Indeed, what emerges is that the reality of life under Soviet rule, while not based on policies of racial purity or anti-Semitism per se, was clearly as barbaric as Nazi Germany.

“The difference is that Hitler declared what he was going to do,” said Irena Veisaitė, a scholar and Holocaust survivor who also appears in the film. “He was in some ways ‘sincere’. Stalin was a real Tartuffe. He always pretended not to be what he was. Life was cruel and dramatic, and we were caught between two terrible powers.

“The Soviets were a big danger to the world, and Stalin pretended to be a humanist. The truth is that people feared him.”

Both Nazism and Stalinism used mass murder as an acceptable method of achieving their agendas. However, whereas Nazi oppression ended with the cessation of the war, Stalin continued to oppress and massacre Soviet enemies well into the forties and even the fifties. Until today, few Russian historians recognise the extent of Soviet oppression, paying little attention to Russia’s occupation of Lithuania and what was effectively an act of genocide against countless people.

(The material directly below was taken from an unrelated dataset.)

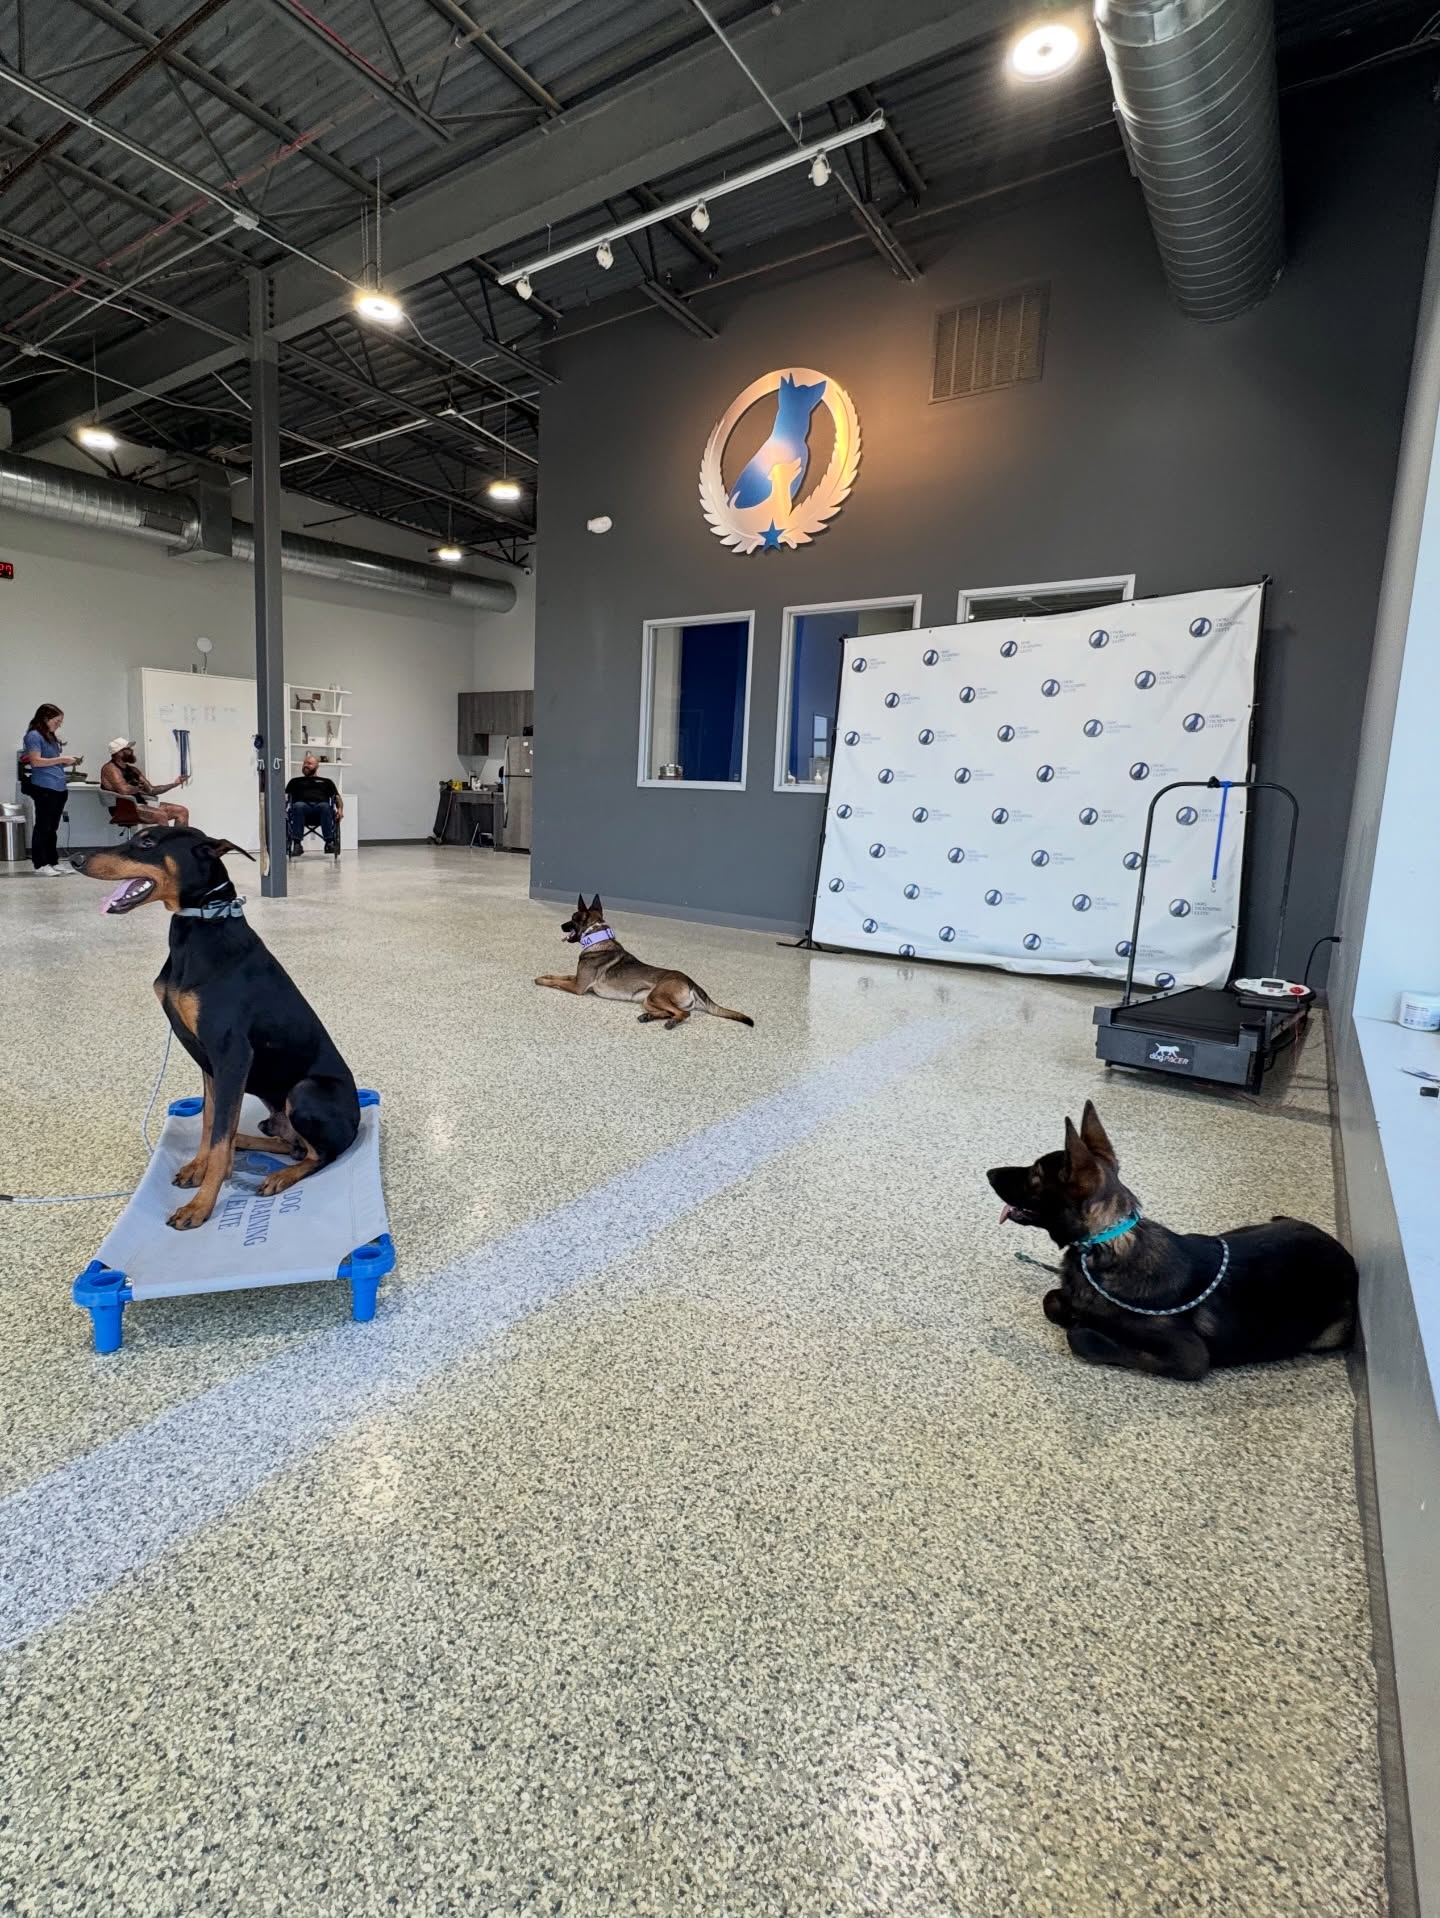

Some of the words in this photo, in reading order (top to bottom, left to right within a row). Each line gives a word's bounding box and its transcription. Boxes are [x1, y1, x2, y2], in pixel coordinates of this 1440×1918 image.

[218, 1199, 248, 1230] ELITE
[279, 1190, 303, 1213] DOG
[243, 1196, 276, 1246] TRAINING

This is a primary message conveyed by the documentary, and is a point which Perlov stresses above all.

“Whether it’s the tsar, Stalin, or Putin, they are all murderers, and many people in the world don’t know about it,” said Perlov. “I kept quiet for many years. Now, I need to bring a message to humanity.” He maintains that the Soviets surpassed the Nazis’ cruelty in numerous ways, and remains committed to exposing the true extent of Stalin’s atrocities.

“I hope this movie will become available to as many people as possible,” an emotional Perlov concluded. “We need everyone’s help to achieve this.”

He thanked Andrews and all those involved in the project. “It wasn’t an easy ride over the past two years. There were a few arguments, some disagreements, but we’re still friends.”

The premier has been rescheduled for 18 March in Pretoria and 19 March in Cape Town. Following the film’s release, Ster-Kinekor will make it available to the public for one week beginning on 27 March.